Autisme : "Le gouvernement doit prendre en compte d'autres méthodes"
Le Monde.fr | Par Mireille Battut, présidente de La main à l'oreille
La Main à l'oreille est née en 2012, année consacrée à l'autisme grande cause nationale, pour porter une parole autre : nous refusons de réduire l'autisme à la seule dimension déficitaire et sa prise en charge à la seule approche rééducative, nous voulons promouvoir la place des personnes autistes dans la Cité, sans nous référer à une norme sociale ou comportementale.
Le gouvernement découvre alors l'autisme.
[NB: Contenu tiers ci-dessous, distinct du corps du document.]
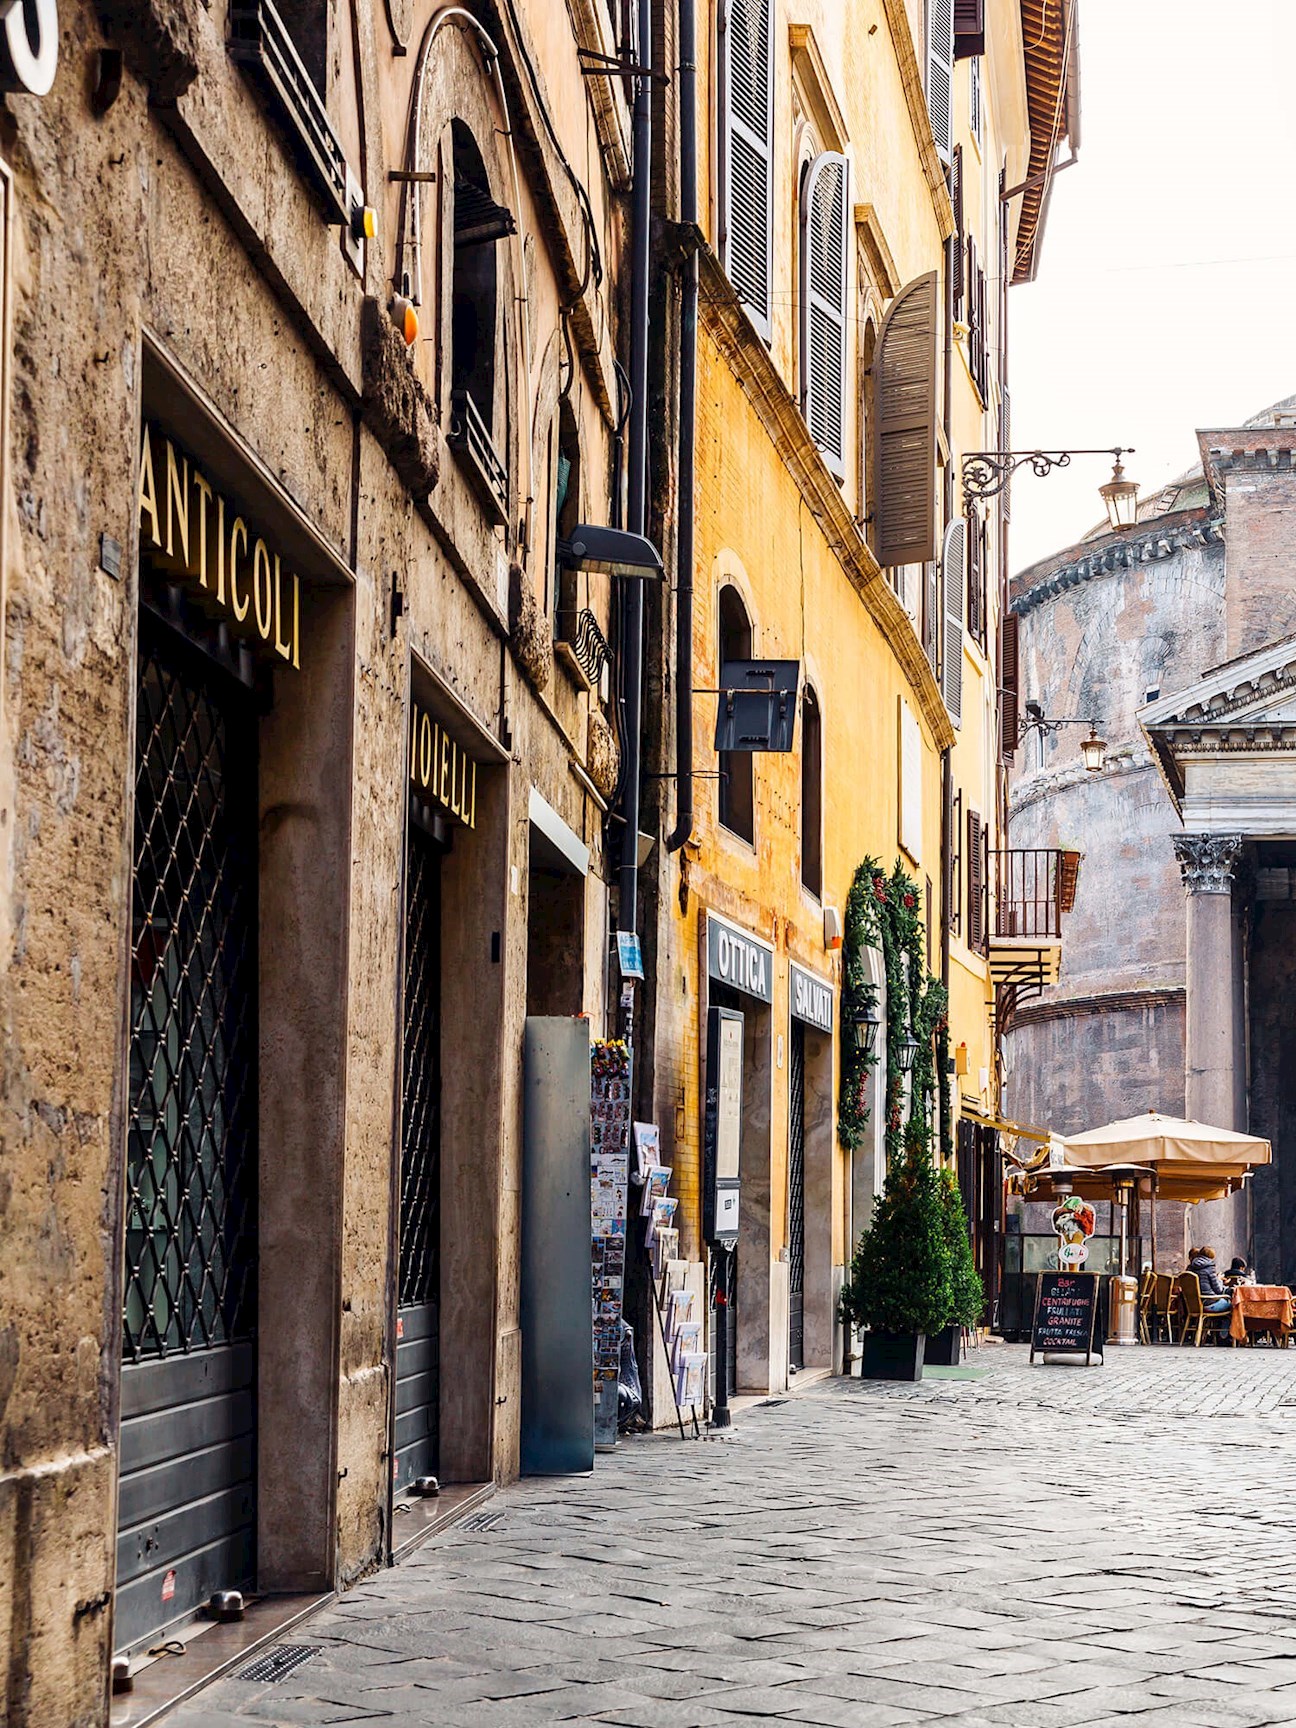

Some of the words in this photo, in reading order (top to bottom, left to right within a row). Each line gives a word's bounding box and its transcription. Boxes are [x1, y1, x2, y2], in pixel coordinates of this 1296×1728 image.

Marie Arlette Carlotti, la ministre déléguée aux personnes handicapées se tourne maintenant vers d'autres aventures, mais nous laisse un 3ème Plan Autisme rapidement ficelé, accompagné de déclarations martiales : "En ouvrant ce dossier, j'ai trouvé une situation conflictuelle, un climat tendu, je n'en veux plus." Elle a, en effet, vécu des moments très chahutés. J'en ai été témoin lors d'un colloque au Sénat dédié à l'autisme, où un groupe de parents bien déterminés l'empêchait de parler. Le député Gwendal Rouillard qui a choisi de soutenir les plus virulents, était à la tribune, les yeux mi-clos et le sourire aux lèvres. Comme la ministre était toujours coincée sur le premier paragraphe de son discours, il a levé un bras et a demandé silence aux parents en les mettant en garde "ne prenez pas la ministre pour cible,n'oubliez pas que votre véritable ennemi, c'est la psychanalyse".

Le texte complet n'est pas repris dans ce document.